According to Ethnologue, Yaqay is spoken along the south coast of Mappi Regency, along the Obaa River north to the Gandaimu area.

==Phonology==
The following is the phonology of Yaqay, as defined in Fonologi Bahasa Yakhai.

=== Consonants ===

Consonants
|  |  | Labial | Dental / Alveolar | Postalveolar / Palatal | Velar | Glottal |
| Nasal |  | m ⟨m⟩ | n ⟨n⟩ |  | (ŋ ⟨ngg⟩?) |  |
| Plosive | voiceless | p ⟨p⟩ | t̪ ⟨t⟩ |  | k ⟨k⟩ | ʔ ⟨-k⟩ |
| voiced | b ⟨b⟩ | d̪ ⟨d⟩ | d͡ʒ ⟨j⟩ | gʱ ⟨gh⟩ | h ⟨h⟩ |
| Fricative |  | f ⟨f⟩ |  |  | x ⟨kh⟩ |
| Approximant |  | w ⟨w⟩ | r ⟨r⟩ | j ⟨y⟩ |  |  |

- t and d are both dental consonants, while n and r are alveolar consonants.
- j is a postalveolar consonant while y is palatal.
- //ŋ// seems to be an allophone of //n// found before velar consonants, like in the word yanggo //jaŋgo// (it is unclear whether the sequence nng is pronounced //ŋg//, //ŋgʱ//, or just //ŋ//, but it seems to most likely be //ŋg//).
- The letter 'k' is only found at the beginning of words or at the end of syllables.
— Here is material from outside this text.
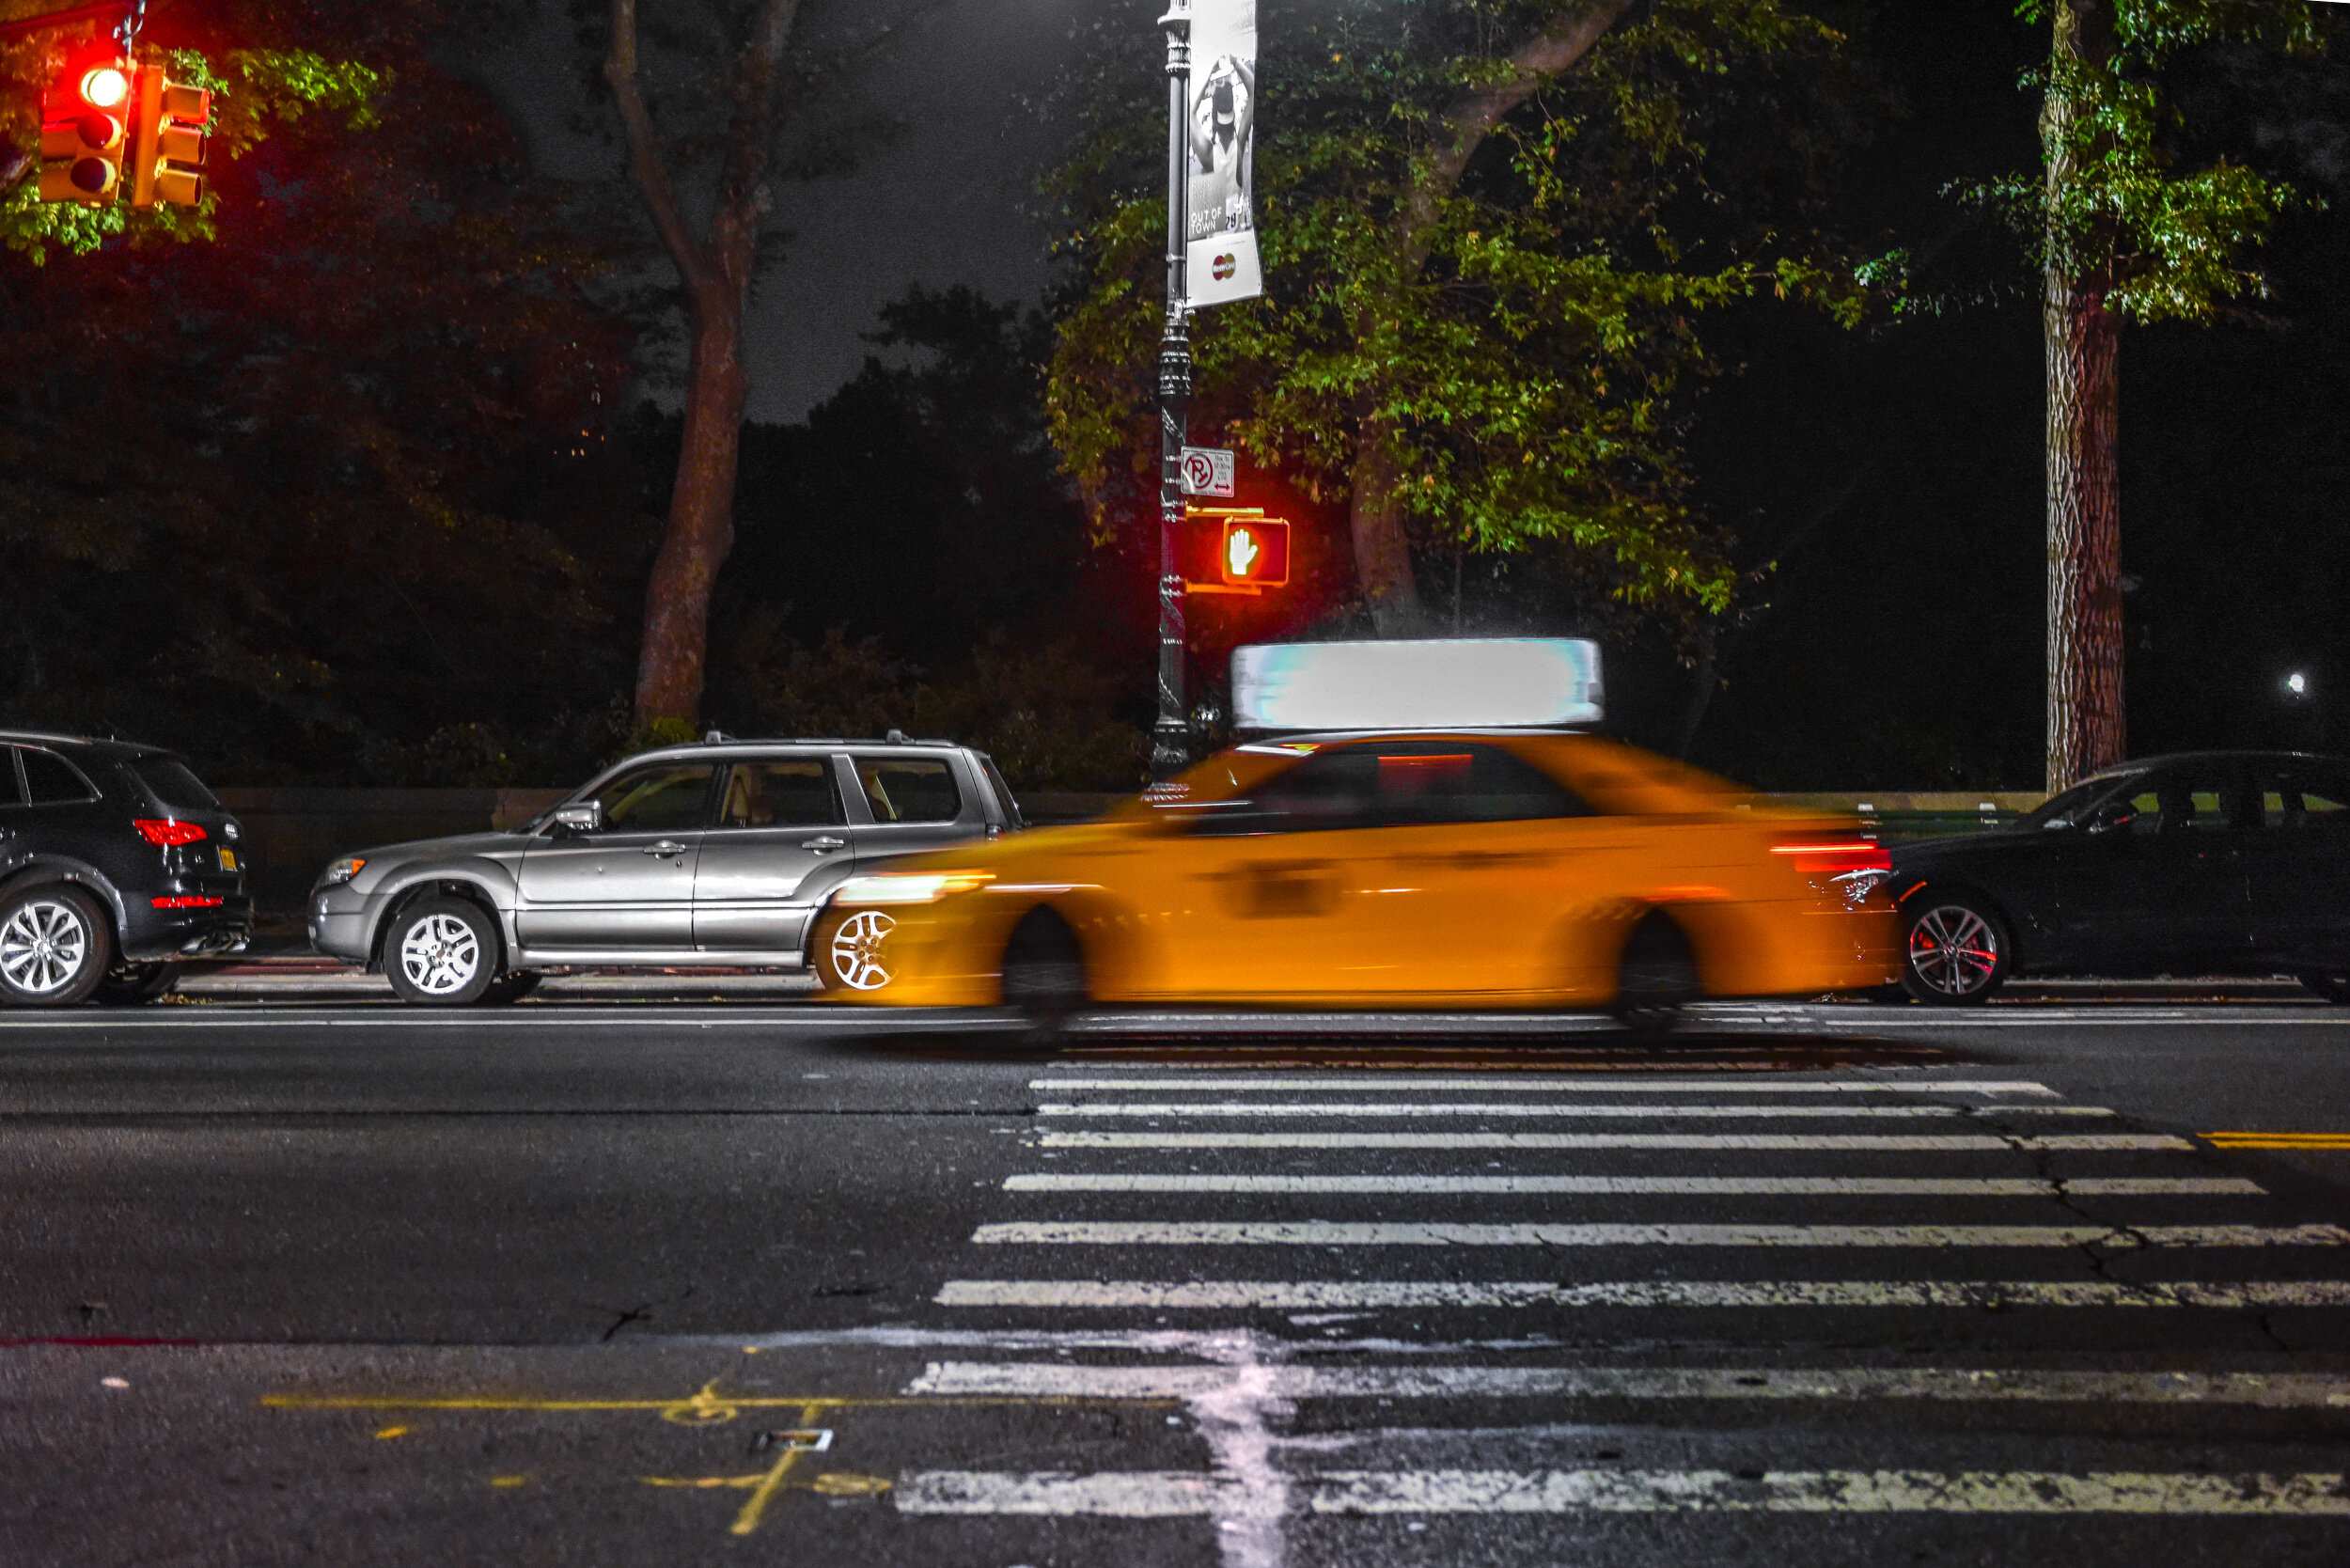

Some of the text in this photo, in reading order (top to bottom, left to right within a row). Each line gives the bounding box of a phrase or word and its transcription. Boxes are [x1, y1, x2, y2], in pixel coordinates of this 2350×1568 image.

[1191, 206, 1222, 224] OUT OF
[1191, 220, 1216, 235] TOWN
At the beginning of a word, it's pronounced like //k// (or //x//, see later notes), while at the end of syllables, it's pronounced //ʔ//, for example, in the word kerak //keraʔ//, meaning 'walking'.
- //x//, represented by kh, is pronounced like //k// in some words, for example, khayafo //kajafo//, meaning 'spear'.
- //k// is pronounced like //x// in some words, for example, kah //xah//, meaning 'smelling'.
- The original source makes it unclear whether //h// is the voiceless glottal fricatives /[h]/ or a voiced glottal stop /[ʡ]/, but it is most likely the voiceless glottal fricative /[h]/.

====Consonant distribution====

| Consonant | Beginning | Center | End |
|---|---|---|---|
| /m/ | Y | Y | Y |
| /n/ | Y | Y | Y |
| /p/ | Y | N | N |
| /t/ | Y | Y | N |
| /k/ | Y | N | N |
| /ʔ/ | N | Y | Y |
| /b/ | Y | Y | Y |
| /d/ | Y | Y | Y |
| /d͡ʒ/ | N | Y | N |
| /gʱ/ | N | Y | N |
| /f/ | Y | Y | Y |
| /x/ | Y | N | N |
| /h/ | Y | Y | Y |
| /w/ | Y | Y | N |
| /r/ | Y | Y | Y |
| /j/ | Y | Y | N |

- 'Y' means that the consonant on the left of the row occurs in the word position at the top of the column. For instance, this section of the table:

| Consonant | Beginning | Center | End |
|---|---|---|---|
| /t/ | Y | Y | N |

- means that the consonant //t// can be found at the beginning and center of a word, but not at the end of one.

===Vowels===

|  | Front | Central | Back |  |
| Unrounded | Rounded |
| Close | i ⟨i⟩ |  |  | u ⟨u⟩ |
| Close mid | e ⟨e⟩ |  | (ɤ) | o ⟨o⟩ |
| Open mid | (ɛ) |  |  |  |
| Open |  | a ⟨a⟩ |  |

- //ɛ// and //ɤ// are sometimes considered to be the same phoneme as //e// and //o// respectively, while others consider them as separate phonemes that are in free variation.

====Vowel distribution====

| Vowel | Beginning | Center | End |
|---|---|---|---|
| /a/ | Y | N | N |
| /i/ | Y | N | N |
| /u/ | N | N | Y |
| /e/ | Y | N | N |
| /o/ | N | N | Y |

- A pattern can be seen here wherein front vowels //a/, /i/, and /e// can all only occur at the beginning of syllables, while the back vowels //u/ and /o// can only occur at the ends of syllables.

===Syllable structure===

The syllable structure is not explicitly stated, but it appears to be:

Maximum syllable structure: CVNC, as in the word, xobandede, meaning 'squat'.

Minimum syllable structure: CV, as in the word, xa, meaning, 'hole'.